The editor in chief of The Gateway, the student newspaper at the University of Alberta, is apologizing for a satirical feature in the newspaper that included comments some readers found racially insensitive toward a pair of Indian students.

According to a Vancouver Sun report, the paper publishes an annual satire piece aimed at mocking the colorful, smiling campaign posters placed around campus by candidates for student union positions.  At one point in this year’s critique, headlined “Poster Slam 2010,” a candidate is called “a healthy brown guy.” The piece later states about a candidate: “He’s pretty much the love interest in a Bollywood blockbuster. If he’s elected, someone’s going to ring a gong at the next BoG meeting, and everyone will burst into song and dance.”

An Alberta student’s response to the piece: “Just because racist jokes are meant in jest doesn’t mean it’s appropriate. It’s not like [these jokes] are that hard to avoid.” And as the Sun noted, “It didn’t help when on election night, all five winners making up the next students’ council executive team were young, Caucasian males.
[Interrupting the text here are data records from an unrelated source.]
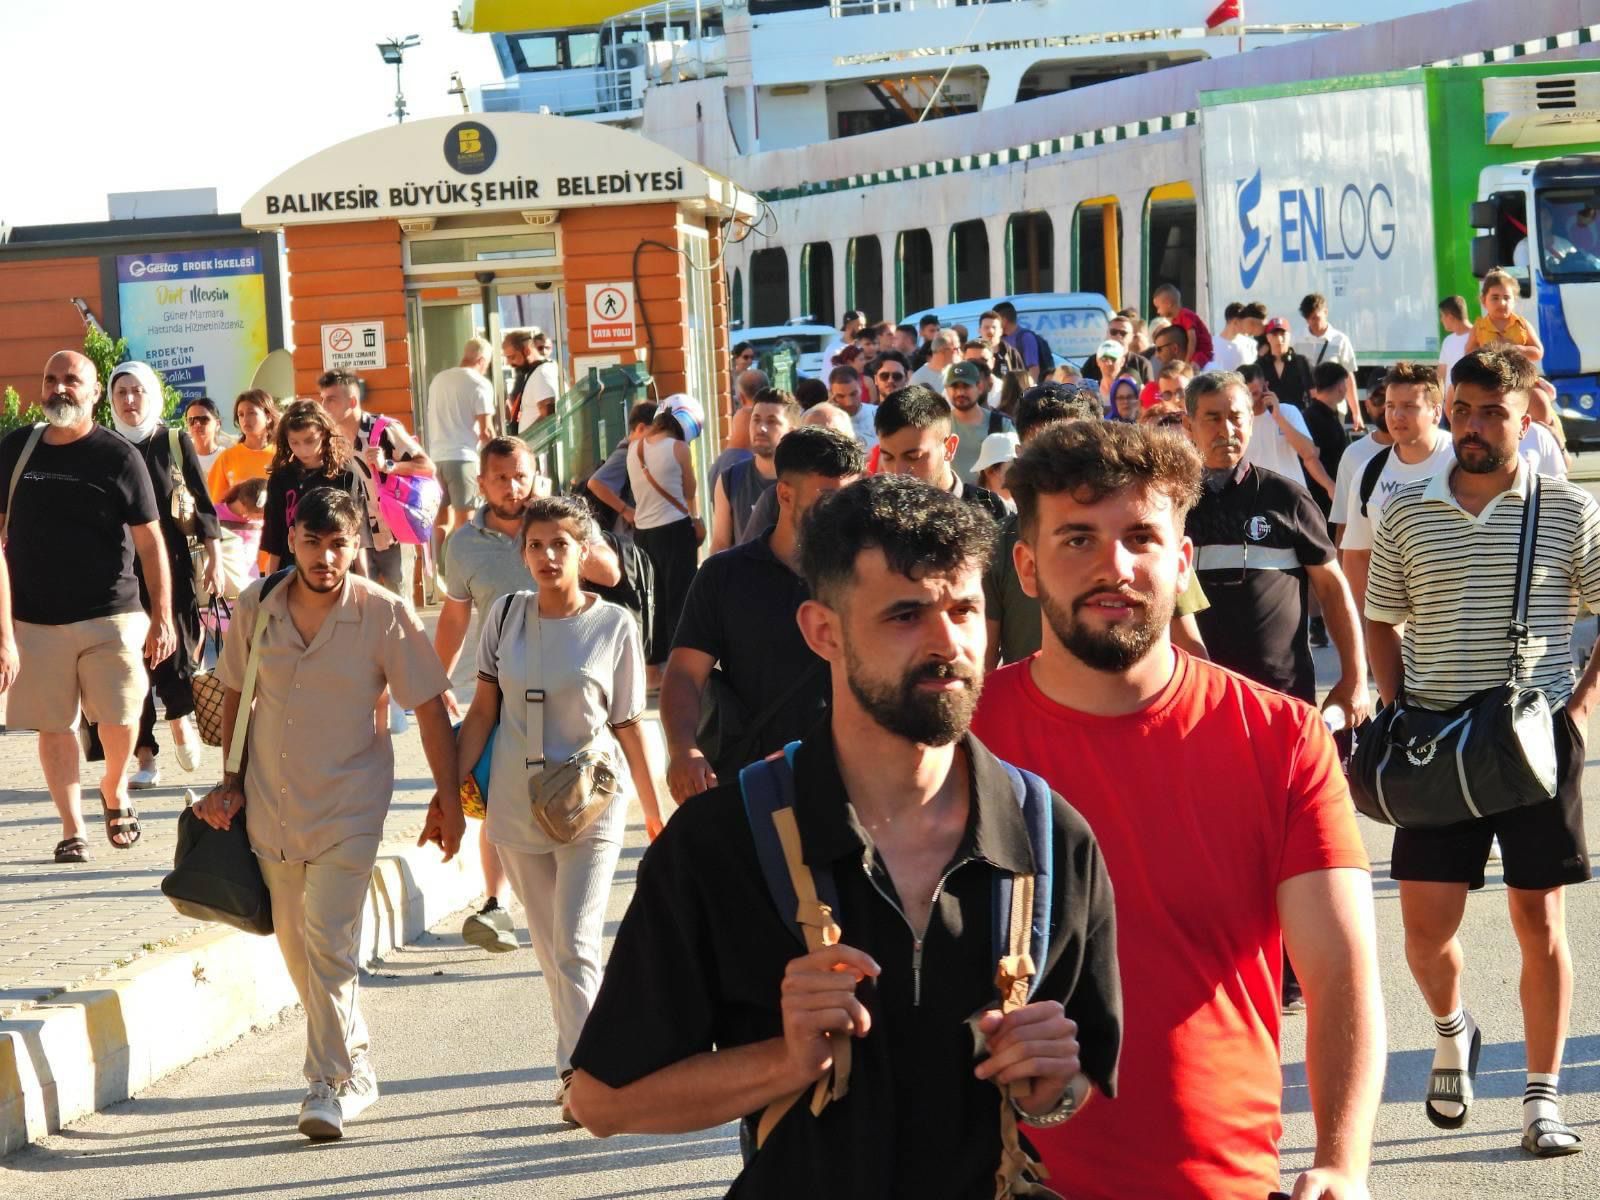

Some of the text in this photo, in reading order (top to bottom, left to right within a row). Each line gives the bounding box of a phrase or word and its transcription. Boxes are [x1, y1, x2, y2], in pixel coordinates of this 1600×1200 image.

[265, 167, 683, 214] BALIKESİR BÜYÜKŞEHİR BELEDİYESİ
[1279, 183, 1396, 263] ENLOG
[146, 256, 255, 273] Gestaş ERDEK İSKELESİ
[163, 309, 224, 322] Güney Marmara
[593, 327, 631, 338] YAYA YOLU
[150, 355, 192, 369] HER GÜN
[1434, 1076, 1458, 1094] WALK
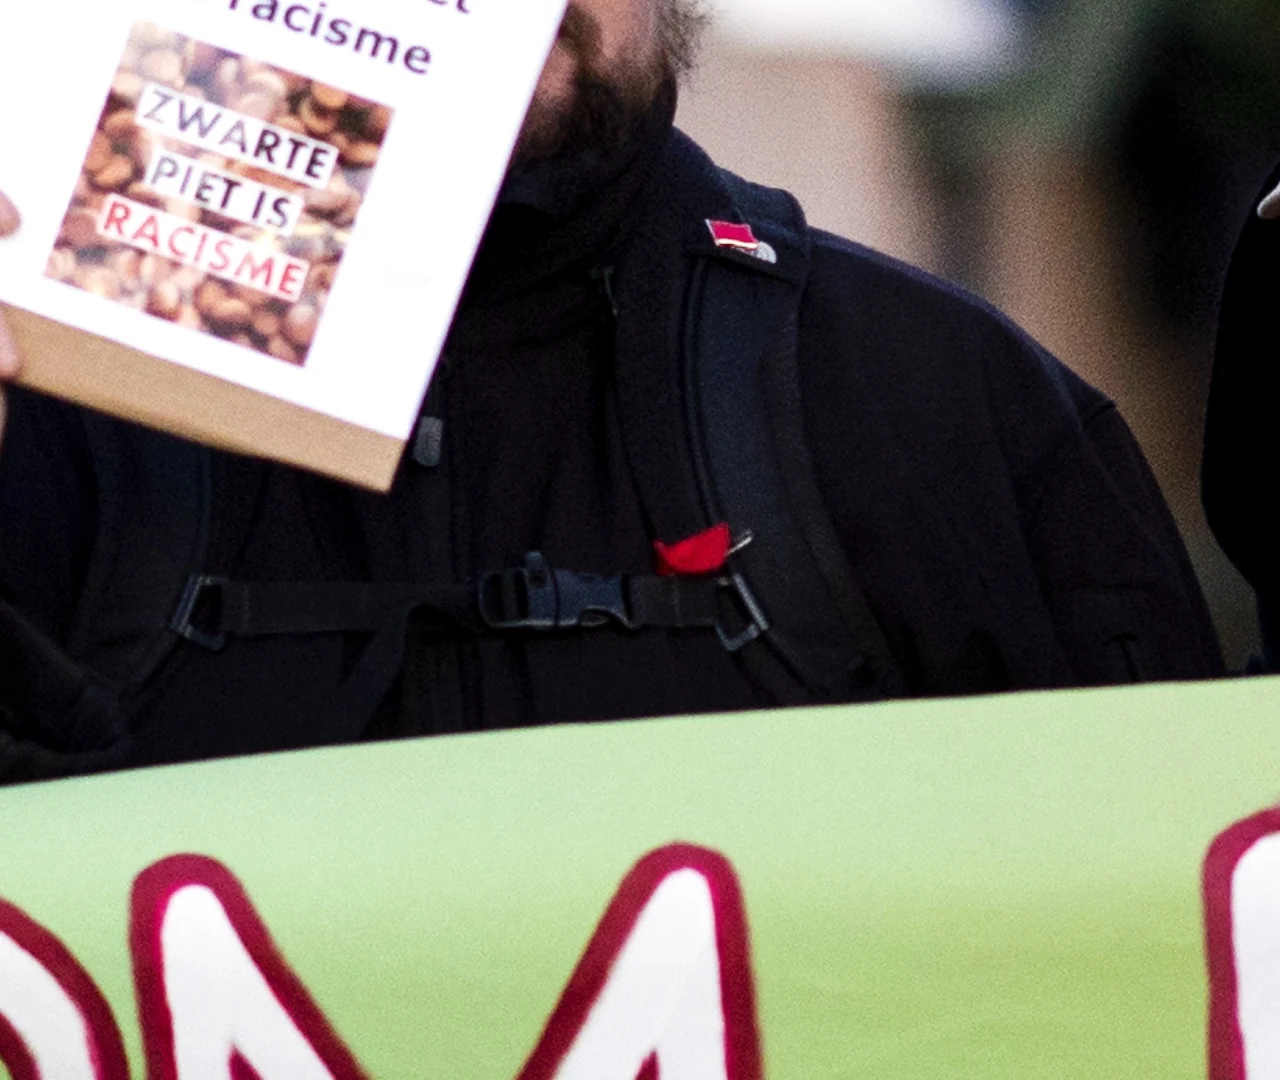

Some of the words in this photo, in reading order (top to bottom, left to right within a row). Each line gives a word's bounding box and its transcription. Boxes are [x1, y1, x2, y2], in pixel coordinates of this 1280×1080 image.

[142, 89, 330, 181] ZWARTE
[150, 155, 241, 210] PIET
[251, 190, 292, 229] IS
[103, 200, 306, 296] RACISME
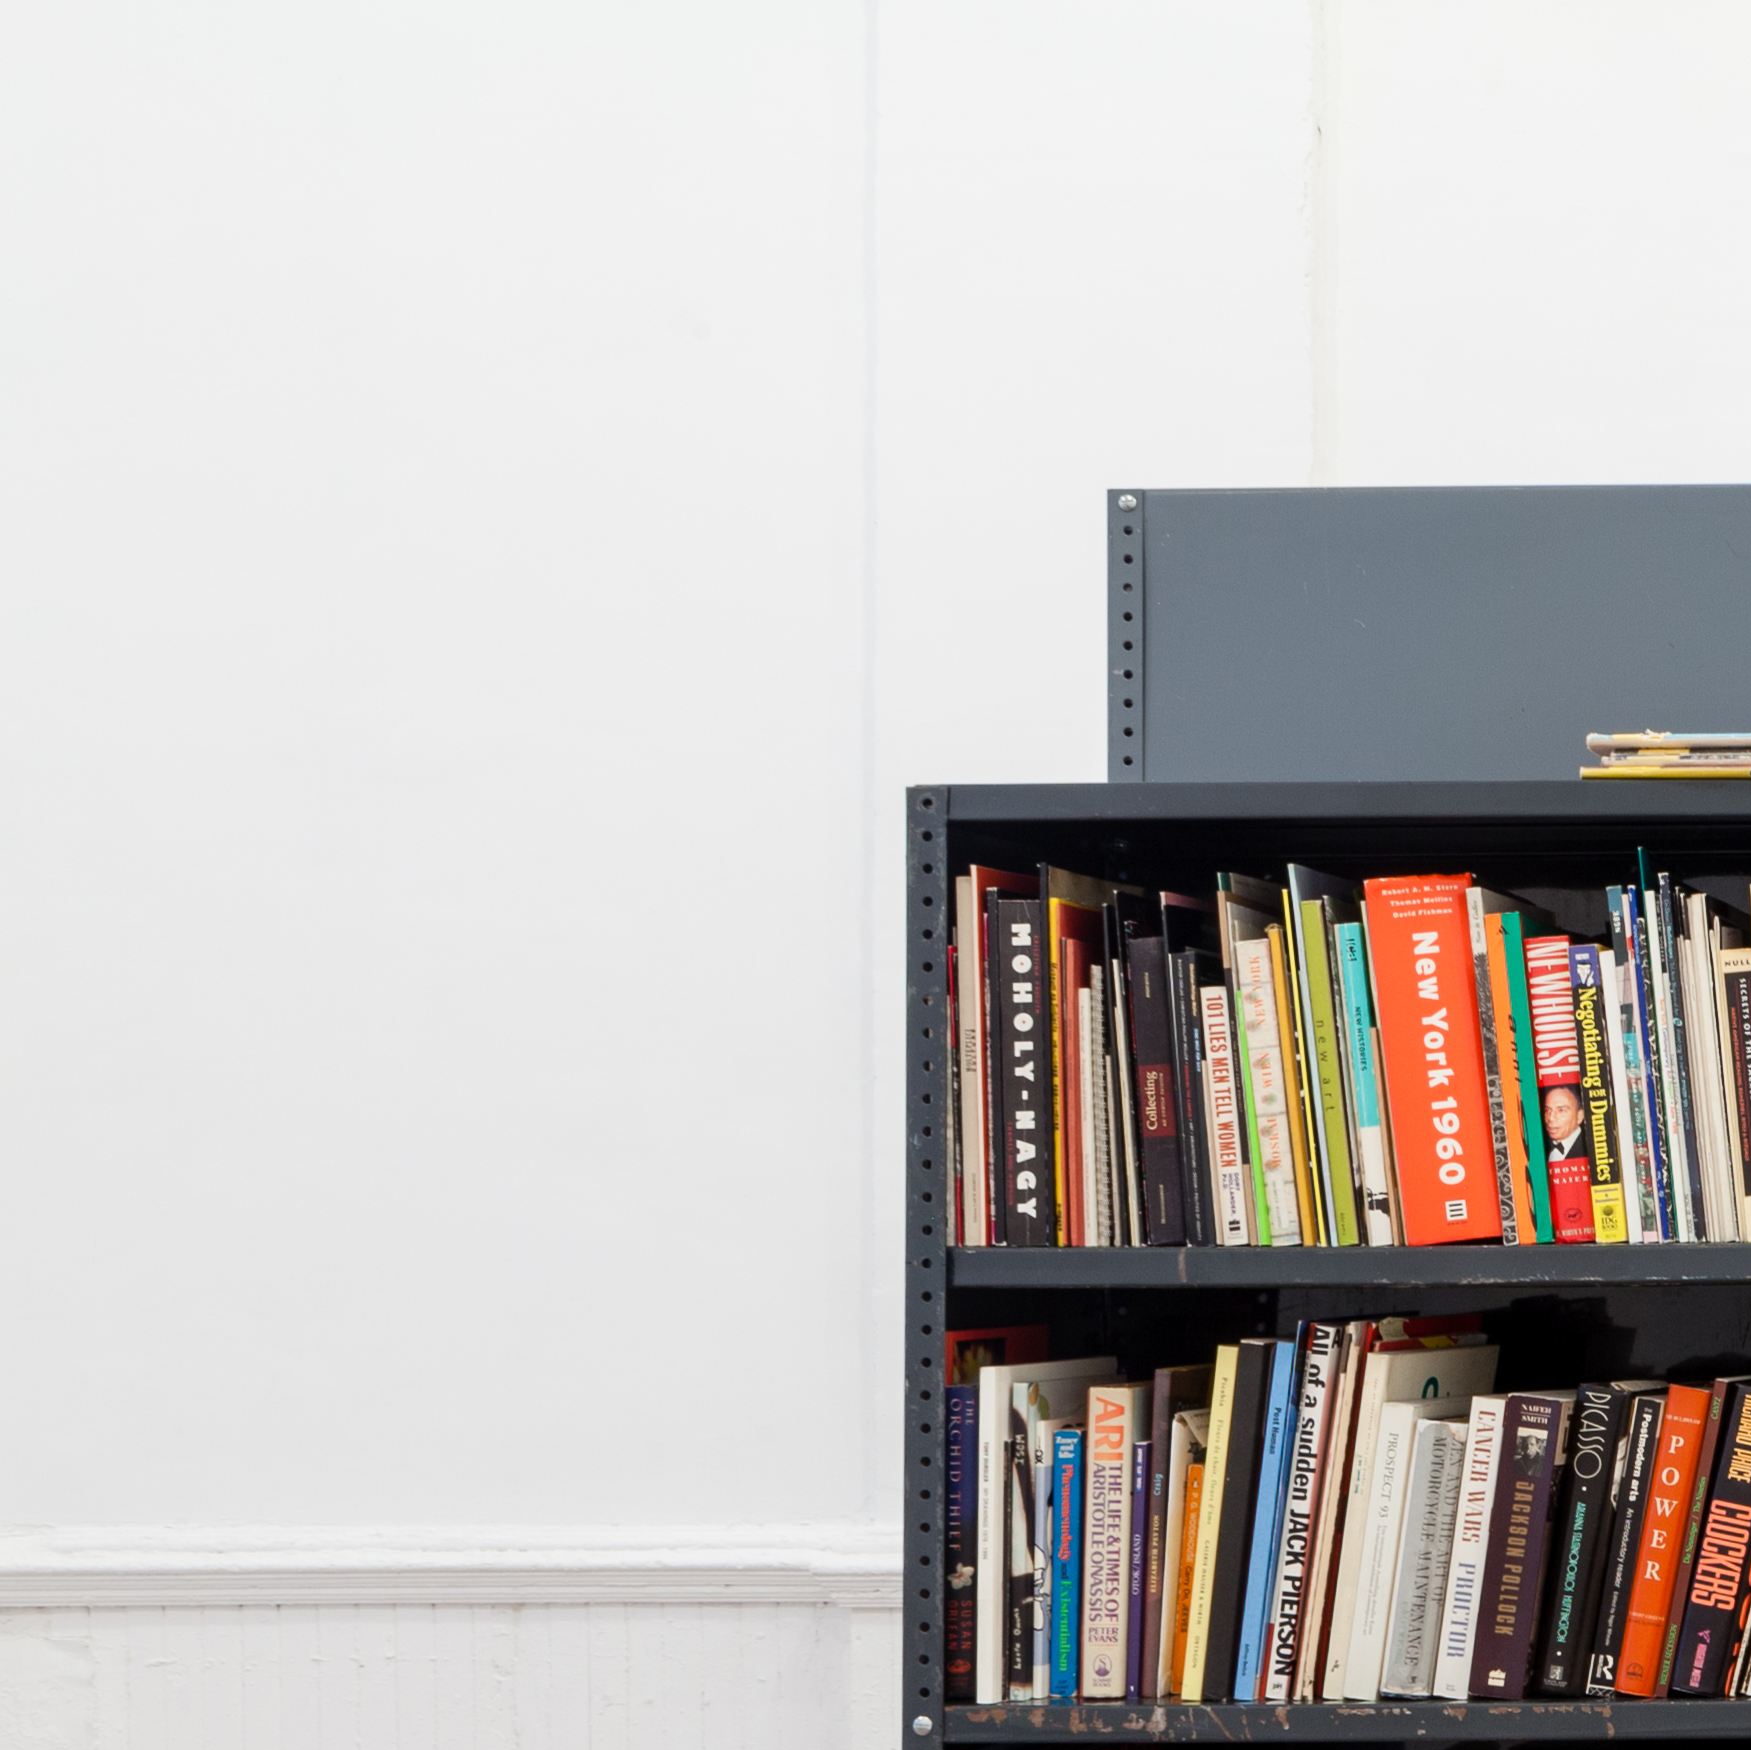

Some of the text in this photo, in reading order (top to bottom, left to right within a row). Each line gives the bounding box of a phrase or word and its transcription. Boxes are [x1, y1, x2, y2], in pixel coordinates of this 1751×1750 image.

[1011, 922, 1036, 1218] MOHOLY-NAGY
[1206, 995, 1238, 1168] 101 LIES MEN TELL WOMEN
[1413, 931, 1466, 1185] New York 1960
[1526, 941, 1580, 1080] NEWHOUSE
[1576, 986, 1613, 1182] Negotiating FOR Dummies
[1094, 1396, 1124, 1461] ARI
[1274, 1325, 1330, 1676] All of a sudden JACK PIERSON
[1573, 1392, 1612, 1479] PICASSO
[1446, 1410, 1496, 1658] CANCER WARS PROCTOR
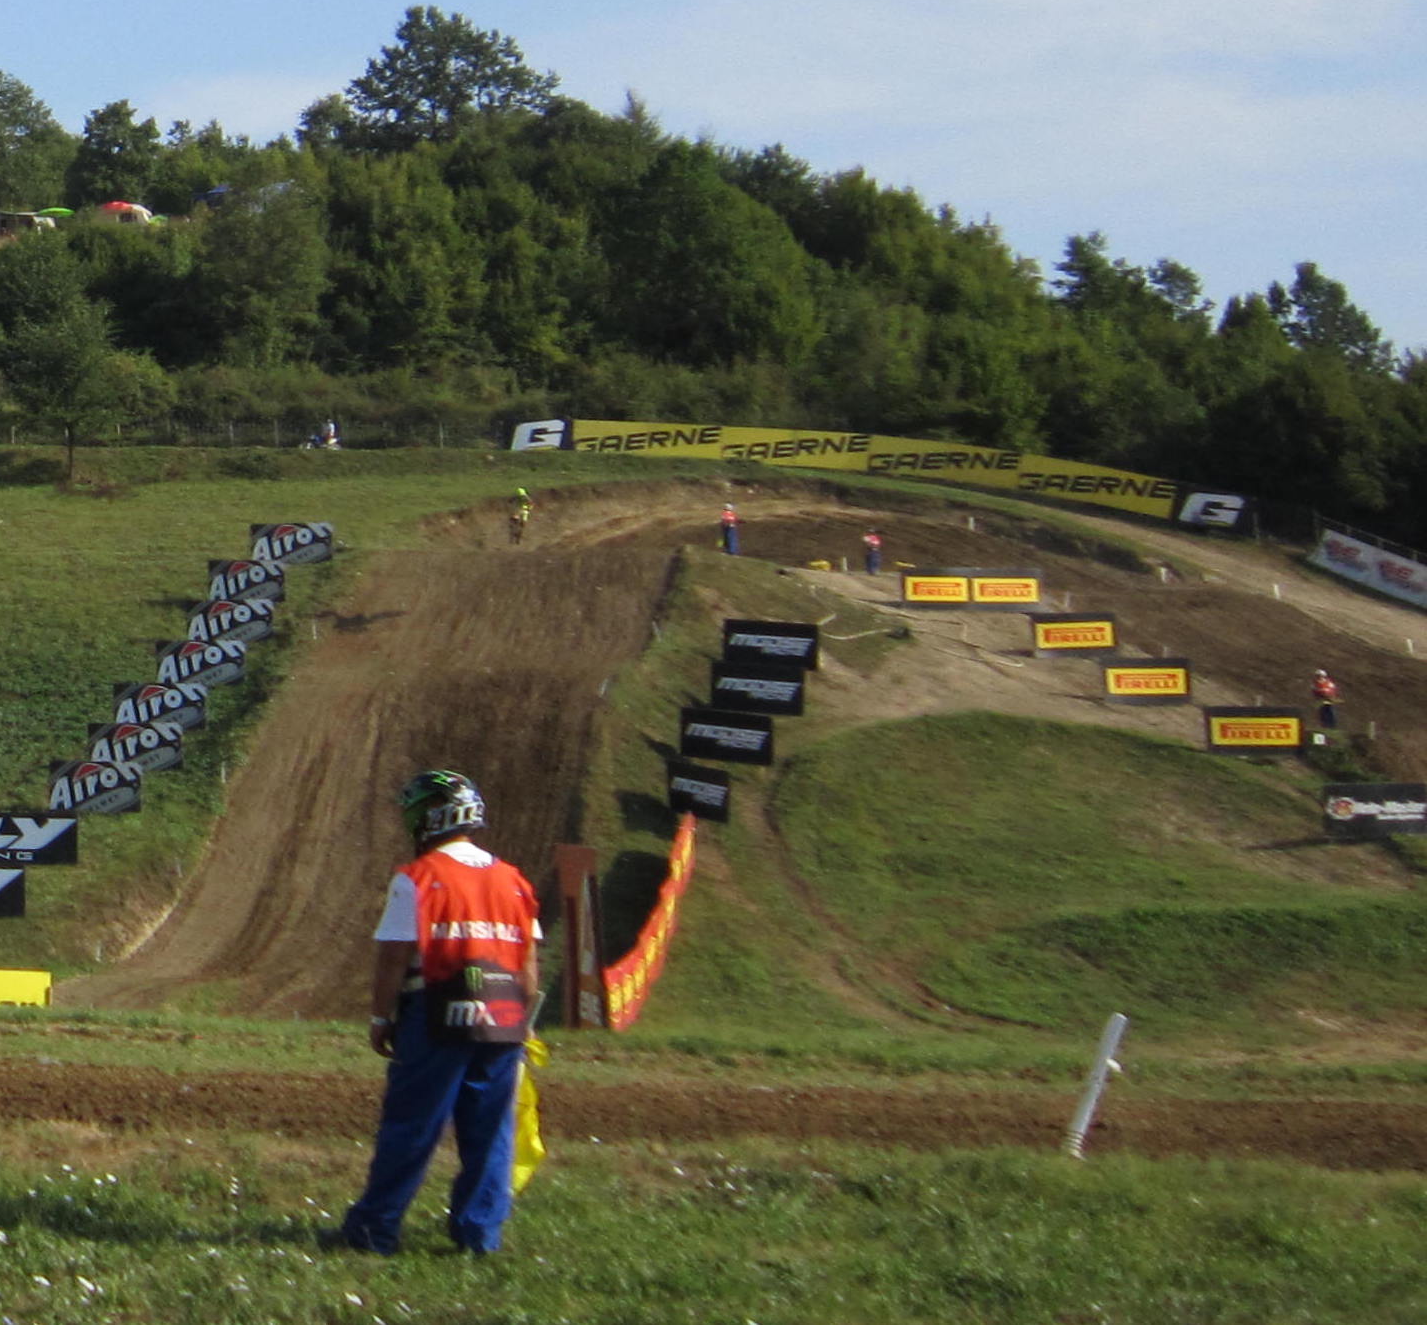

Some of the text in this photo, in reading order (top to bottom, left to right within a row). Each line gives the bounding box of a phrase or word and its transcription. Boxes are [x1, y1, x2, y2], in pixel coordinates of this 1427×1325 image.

[574, 427, 722, 453] GAERNE
[721, 434, 872, 460] GAERNE
[867, 452, 1022, 472] GAERNE
[1018, 472, 1178, 498] GAERNE
Amid the incident’s quick-boil rise to controversy, the editor released a public message of regret for any perceived or actual harm caused:

Poster Slam, in addition to many other annual features printed in the Gateway, has a long-standing reputation of being humourous and inane, distilling the often too-serious nature of Students’ Union elections into a format that is enjoyable for the average student. . . . Any statements made in these articles are not intended to cause serious harm to the reputation of their subjects, whether in regards to their campaign platforms, race, gender, sexuality, ability, or any other factors that may be visible in the public consciousness. And nowhere will the Gateway state or imply that any candidate is unfit for political office based on any visible minority status, nor do its panellists hold such sentiments. However, despite our editorial board’s best efforts to ensure this is always the case, at times, an act of poor judgement may still cause offence to the candidates or to our readers at large.